■ **Aim of the task**: None of the images should appear in your copy. Transcribe the data in full.
*** Records shown ***
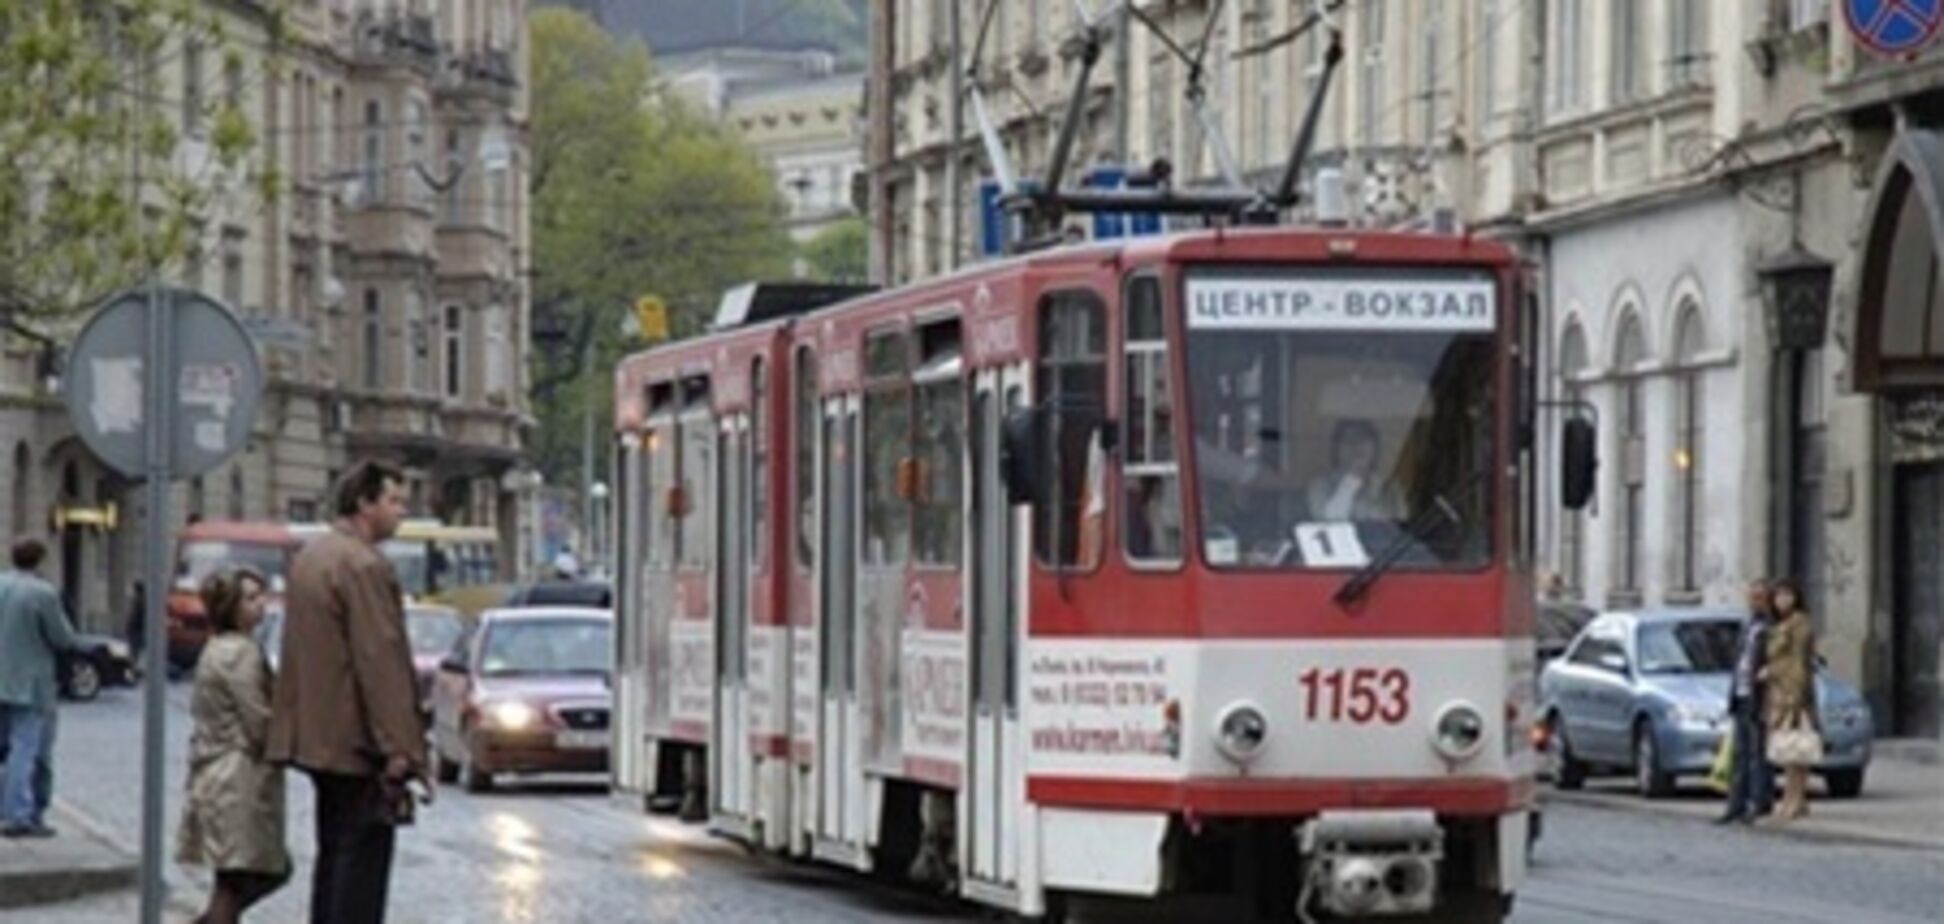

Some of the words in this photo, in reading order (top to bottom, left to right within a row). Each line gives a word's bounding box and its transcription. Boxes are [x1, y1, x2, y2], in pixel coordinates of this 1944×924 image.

[1196, 291, 1311, 320] ЦЕНТР
[1343, 291, 1488, 318] ВОКЗАЛ
[1313, 528, 1334, 557] 1
[1299, 666, 1410, 725] 1153
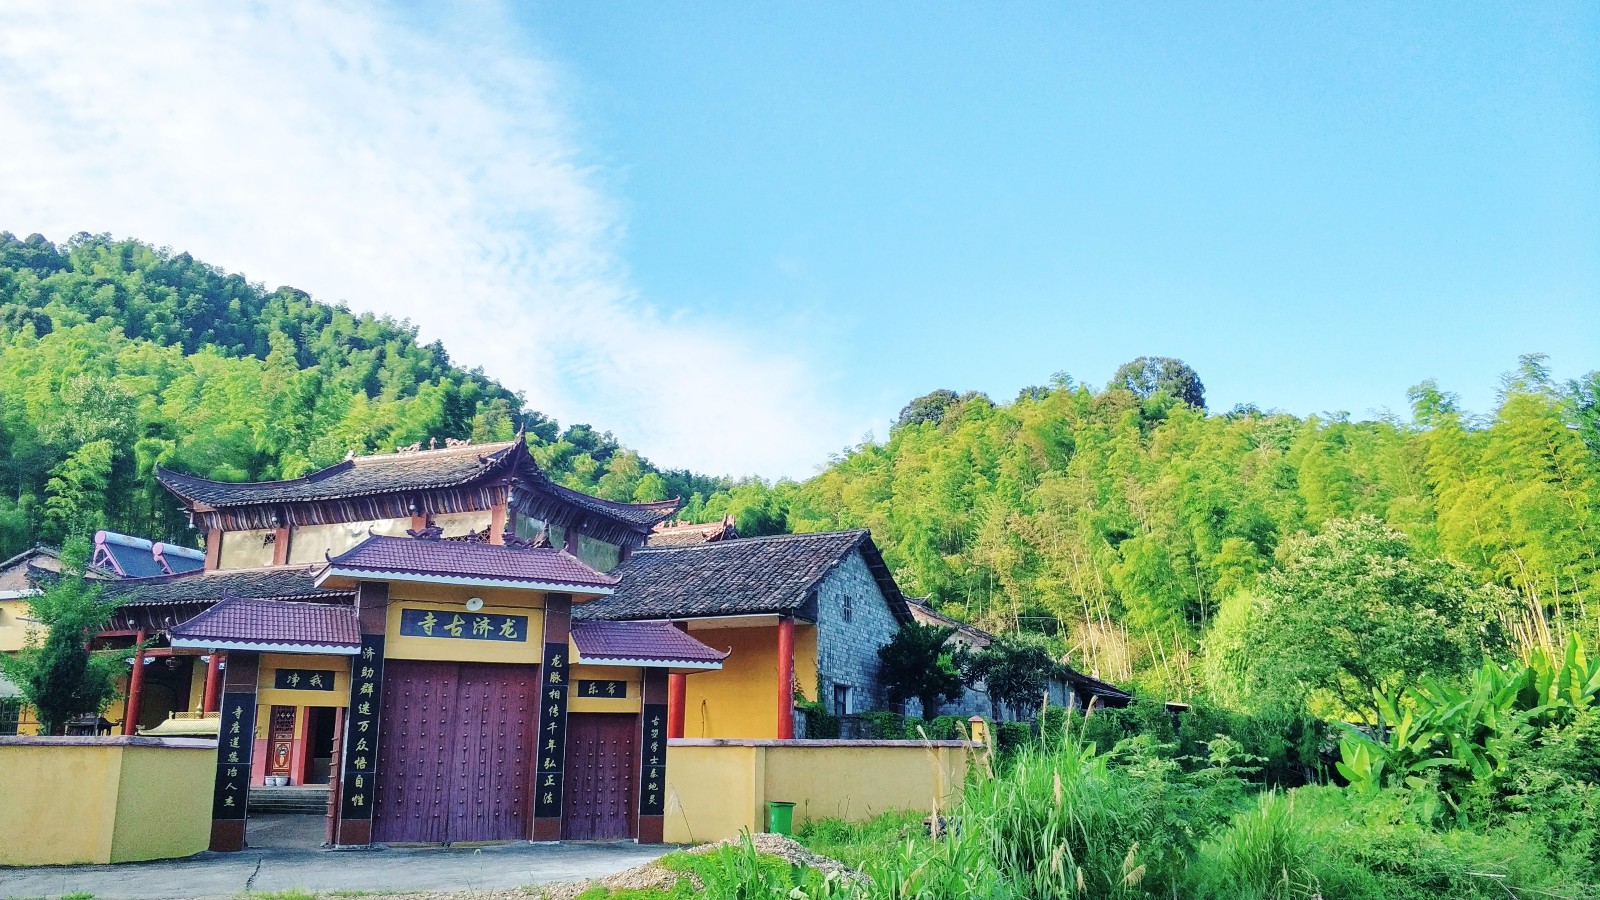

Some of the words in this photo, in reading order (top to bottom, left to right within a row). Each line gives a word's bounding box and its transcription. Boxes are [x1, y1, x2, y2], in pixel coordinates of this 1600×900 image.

[417, 611, 518, 639] 龙济古寺
[543, 654, 563, 806] 龙脉相传千年弘正法
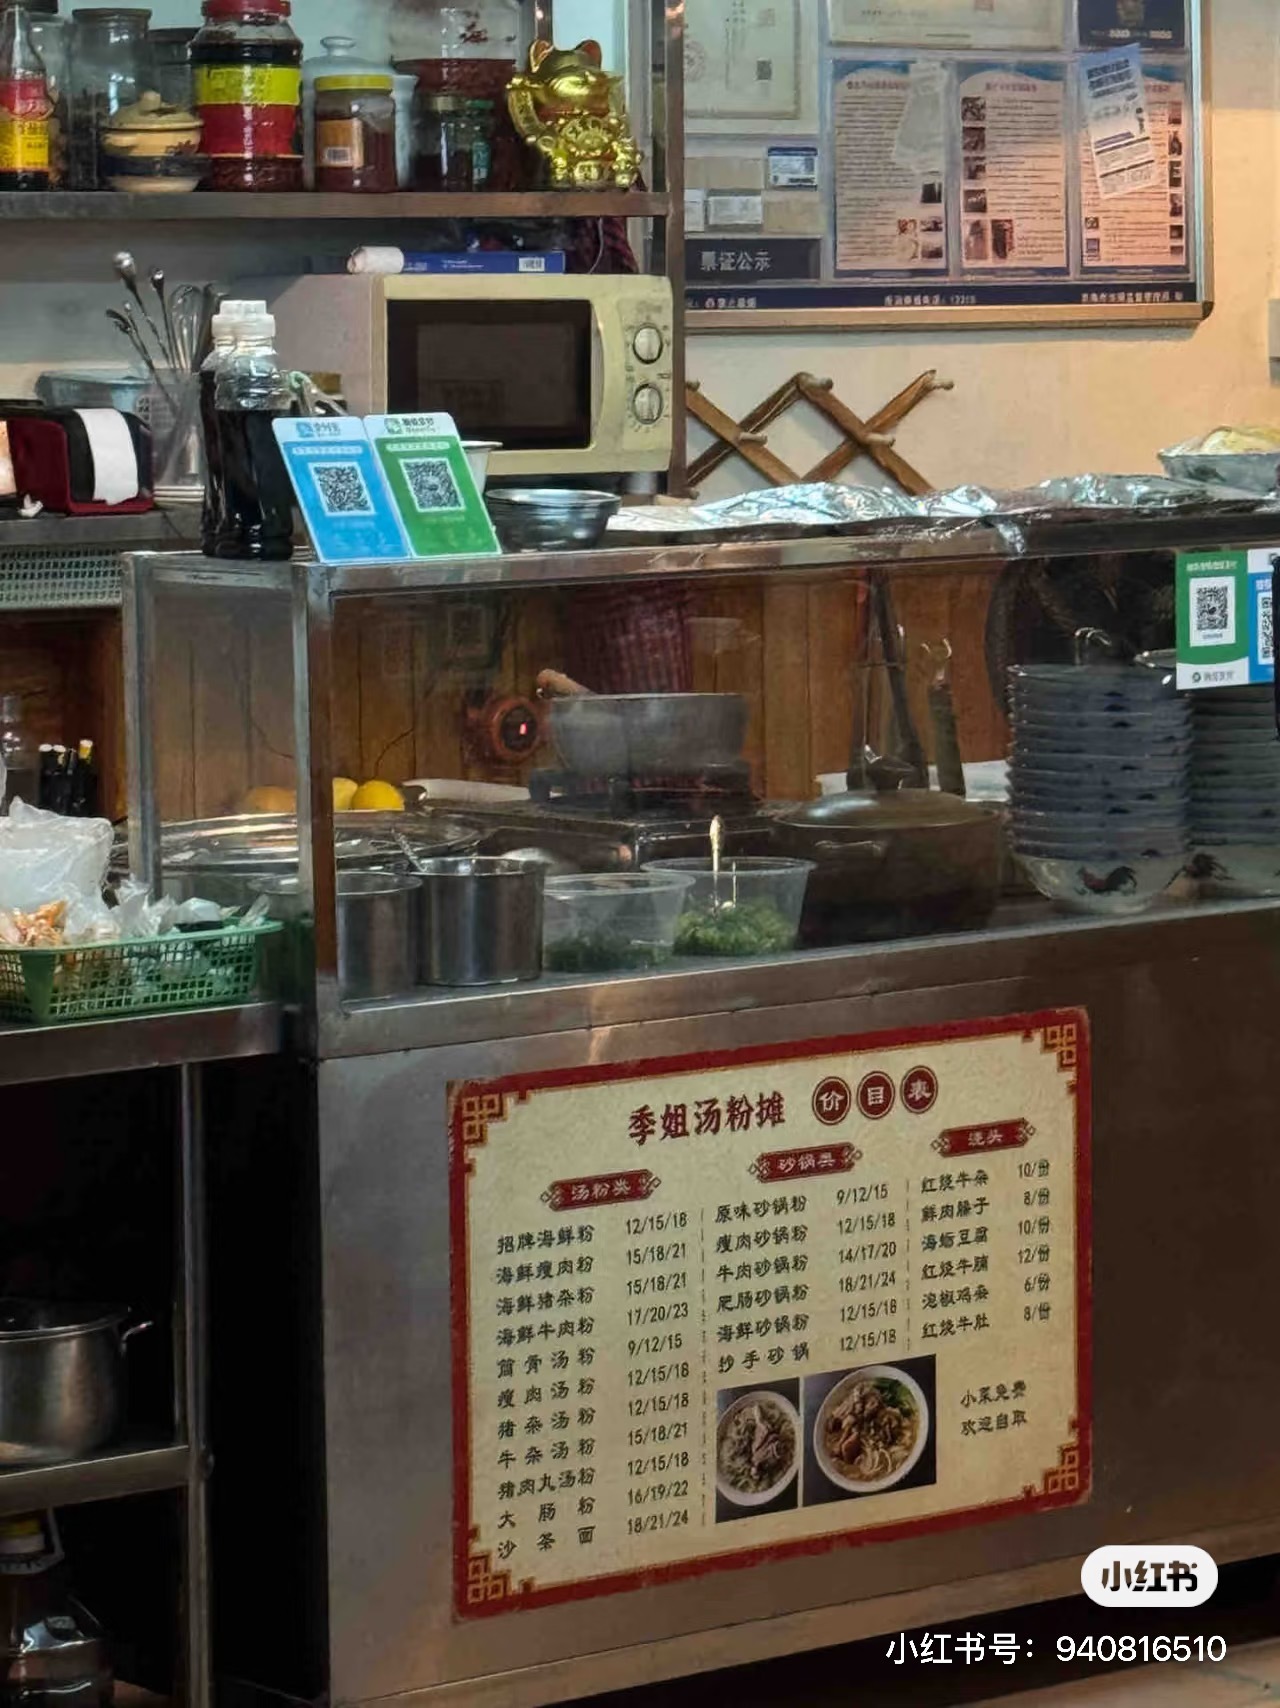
***
■ **Written solution**:
Some of the words in this photo, in reading order (top to bottom, left to right within a row). Each line gives a word's bounding box and its transcription. Boxes are [x1, y1, x2, y2], in pixel coordinates of this 1944×924 image.

[1196, 291, 1311, 320] ЦЕНТР
[1343, 291, 1488, 318] ВОКЗАЛ
[1313, 528, 1334, 557] 1
[1299, 666, 1410, 725] 1153

Some of the words in this photo, in reading order (top to bottom, left to right within a row). Each line gives a word's bounding box and its transcription. Boxes are [x1, y1, x2, y2], in pixel coordinates of this 1600×900 image.

[417, 611, 518, 639] 龙济古寺
[543, 654, 563, 806] 龙脉相传千年弘正法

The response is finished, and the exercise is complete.